Budget – spend more time reading it than being distracted by clickbait

Today, Jeremy Hunt is presenting the budget. Taxes go up and down, allowances come and go, and I’ll be listening live to it at home.
But it’s more important that you read the text of the document and base your plans on that and not what the Mail tells you in a clickbait article made to make your blood boil.

In the past, I’ve tried to write about my opinion on the budget. But I’m not doing that today.

There’s better sources (I reckon the Monevator site will have something worth reading this weekend).

But I would only say that your finances are extremely vulnerable at the moment. The fact is that the government needs money (in the form of taxes) for the ever increasing cost of running services for an ageing population.

Taxes will go up, or allowances will be cut. So it’s important that you understand what the impact of government policy is on your money.
This could mean that you are better off selling investments now to avoid capital gains later.
Or start investing into your SIPP again this tax year or the next tax year, or both or neither. Open LISA or not? Who knows.

What works for you won’t be the same as for someone else. (I’ve largely stopped to avoid the lifetime allowance).

It could mean that you invest in home insulation or a heat pump, or electric car – or not – on the basis of what the policy changes are.
But, don’t get distracted by easy to read newspaper articles or blog posts about it. Read the document yourself and make your own mind up.

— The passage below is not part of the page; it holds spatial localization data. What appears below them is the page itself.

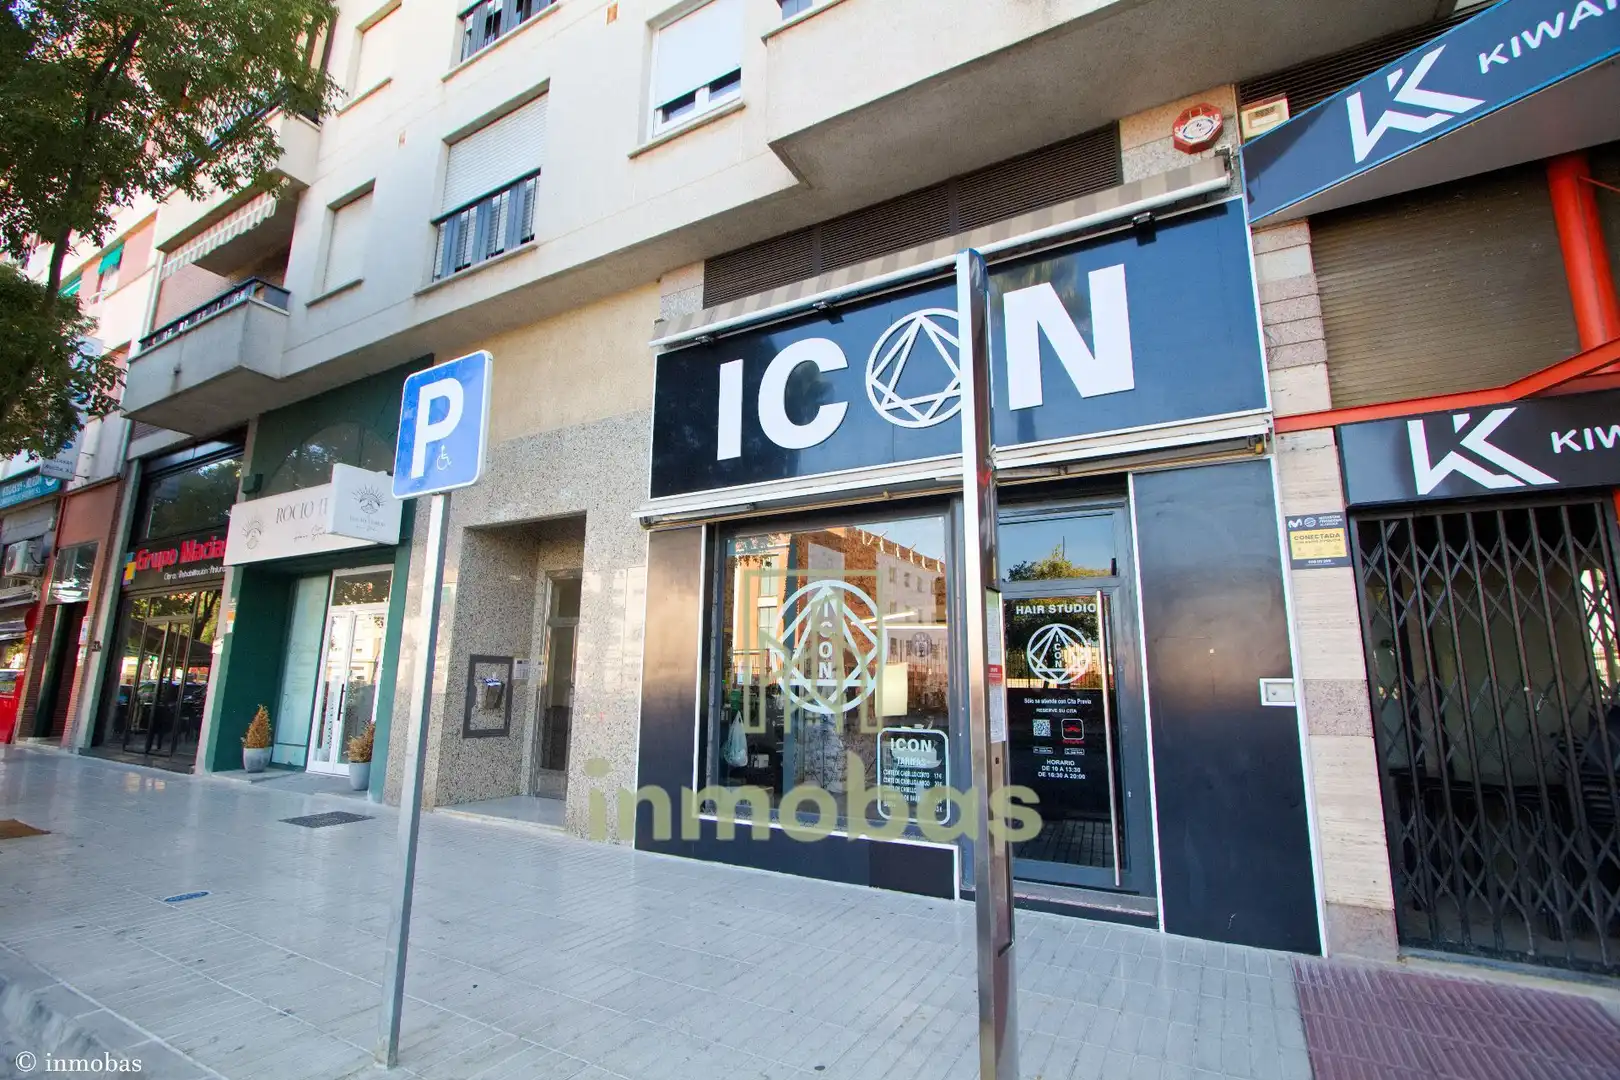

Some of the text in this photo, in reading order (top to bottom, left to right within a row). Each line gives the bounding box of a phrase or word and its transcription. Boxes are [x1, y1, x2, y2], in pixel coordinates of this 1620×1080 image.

[411, 377, 464, 479] P
[1293, 533, 1341, 541] CONECTADA
[135, 548, 178, 572] Grupo
[1015, 603, 1097, 615] HAIR STUDIO
[1053, 634, 1063, 668] ICON
[890, 738, 932, 752] ICON

Failure to understand the rules doesn’t give you a free pass to complain about anything. Ignorance is a poor defence – little changes now (for example investing in an ISA this tax year or harvesting some capital gains) can make a difference of thousands in your tax bill, and that’s something we can all do with on our way to financial independence.

Good luck, GFF



  1. The great lesson I’ve learnt about budgets is that the journalists take about a week and a half to catch up with what’s been announced. So I’ll look at the papers on about March 25th. That will also be past the next interest increase (?) from the BoE.

    Mind you it doesn’t leave much room for action before the end of the ISA year.